━━ Information given

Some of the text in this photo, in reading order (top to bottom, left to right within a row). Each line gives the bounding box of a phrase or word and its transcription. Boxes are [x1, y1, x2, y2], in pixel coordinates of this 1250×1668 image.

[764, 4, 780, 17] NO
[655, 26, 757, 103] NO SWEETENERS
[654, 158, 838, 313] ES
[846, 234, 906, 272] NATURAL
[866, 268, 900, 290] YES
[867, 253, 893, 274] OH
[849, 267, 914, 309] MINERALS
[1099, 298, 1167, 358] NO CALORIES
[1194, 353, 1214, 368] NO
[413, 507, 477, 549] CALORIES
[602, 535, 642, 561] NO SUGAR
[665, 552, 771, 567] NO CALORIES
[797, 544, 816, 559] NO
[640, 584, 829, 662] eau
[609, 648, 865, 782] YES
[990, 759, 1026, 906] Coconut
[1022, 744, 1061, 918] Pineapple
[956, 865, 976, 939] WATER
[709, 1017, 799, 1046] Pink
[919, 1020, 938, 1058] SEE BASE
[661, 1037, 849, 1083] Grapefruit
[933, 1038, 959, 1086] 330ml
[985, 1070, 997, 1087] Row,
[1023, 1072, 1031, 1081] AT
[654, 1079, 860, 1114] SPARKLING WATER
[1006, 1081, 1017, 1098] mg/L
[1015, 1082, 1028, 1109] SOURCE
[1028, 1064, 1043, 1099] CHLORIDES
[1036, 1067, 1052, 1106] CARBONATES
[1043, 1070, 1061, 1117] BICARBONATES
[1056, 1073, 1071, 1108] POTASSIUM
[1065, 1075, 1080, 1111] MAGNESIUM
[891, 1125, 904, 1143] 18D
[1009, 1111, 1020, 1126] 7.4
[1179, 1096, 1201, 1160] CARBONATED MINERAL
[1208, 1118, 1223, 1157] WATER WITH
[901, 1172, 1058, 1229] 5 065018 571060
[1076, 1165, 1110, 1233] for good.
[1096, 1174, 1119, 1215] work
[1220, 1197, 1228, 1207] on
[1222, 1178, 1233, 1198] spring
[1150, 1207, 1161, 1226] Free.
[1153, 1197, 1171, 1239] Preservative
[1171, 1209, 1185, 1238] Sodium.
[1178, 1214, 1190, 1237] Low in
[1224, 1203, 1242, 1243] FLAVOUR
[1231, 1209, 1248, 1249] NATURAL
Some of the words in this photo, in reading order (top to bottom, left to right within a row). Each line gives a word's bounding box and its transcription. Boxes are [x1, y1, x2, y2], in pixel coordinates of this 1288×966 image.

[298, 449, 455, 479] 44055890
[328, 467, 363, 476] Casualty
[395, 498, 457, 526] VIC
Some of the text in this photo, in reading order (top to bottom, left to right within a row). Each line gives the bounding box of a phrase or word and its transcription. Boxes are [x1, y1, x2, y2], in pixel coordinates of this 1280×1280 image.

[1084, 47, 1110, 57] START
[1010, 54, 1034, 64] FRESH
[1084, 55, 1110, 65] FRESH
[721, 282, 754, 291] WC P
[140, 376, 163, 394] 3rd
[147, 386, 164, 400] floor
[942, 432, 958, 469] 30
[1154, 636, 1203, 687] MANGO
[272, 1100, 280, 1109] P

━━━━

Your answer must be the line containing "this 1280×1280 image." and every line after it through the end of the records above, reproduced exactly and alone.

Exercise response =
Some of the text in this photo, in reading order (top to bottom, left to right within a row). Each line gives the bounding box of a phrase or word and its transcription. Boxes are [x1, y1, x2, y2], in pixel coordinates of this 1280×1280 image.

[1084, 47, 1110, 57] START
[1010, 54, 1034, 64] FRESH
[1084, 55, 1110, 65] FRESH
[721, 282, 754, 291] WC P
[140, 376, 163, 394] 3rd
[147, 386, 164, 400] floor
[942, 432, 958, 469] 30
[1154, 636, 1203, 687] MANGO
[272, 1100, 280, 1109] P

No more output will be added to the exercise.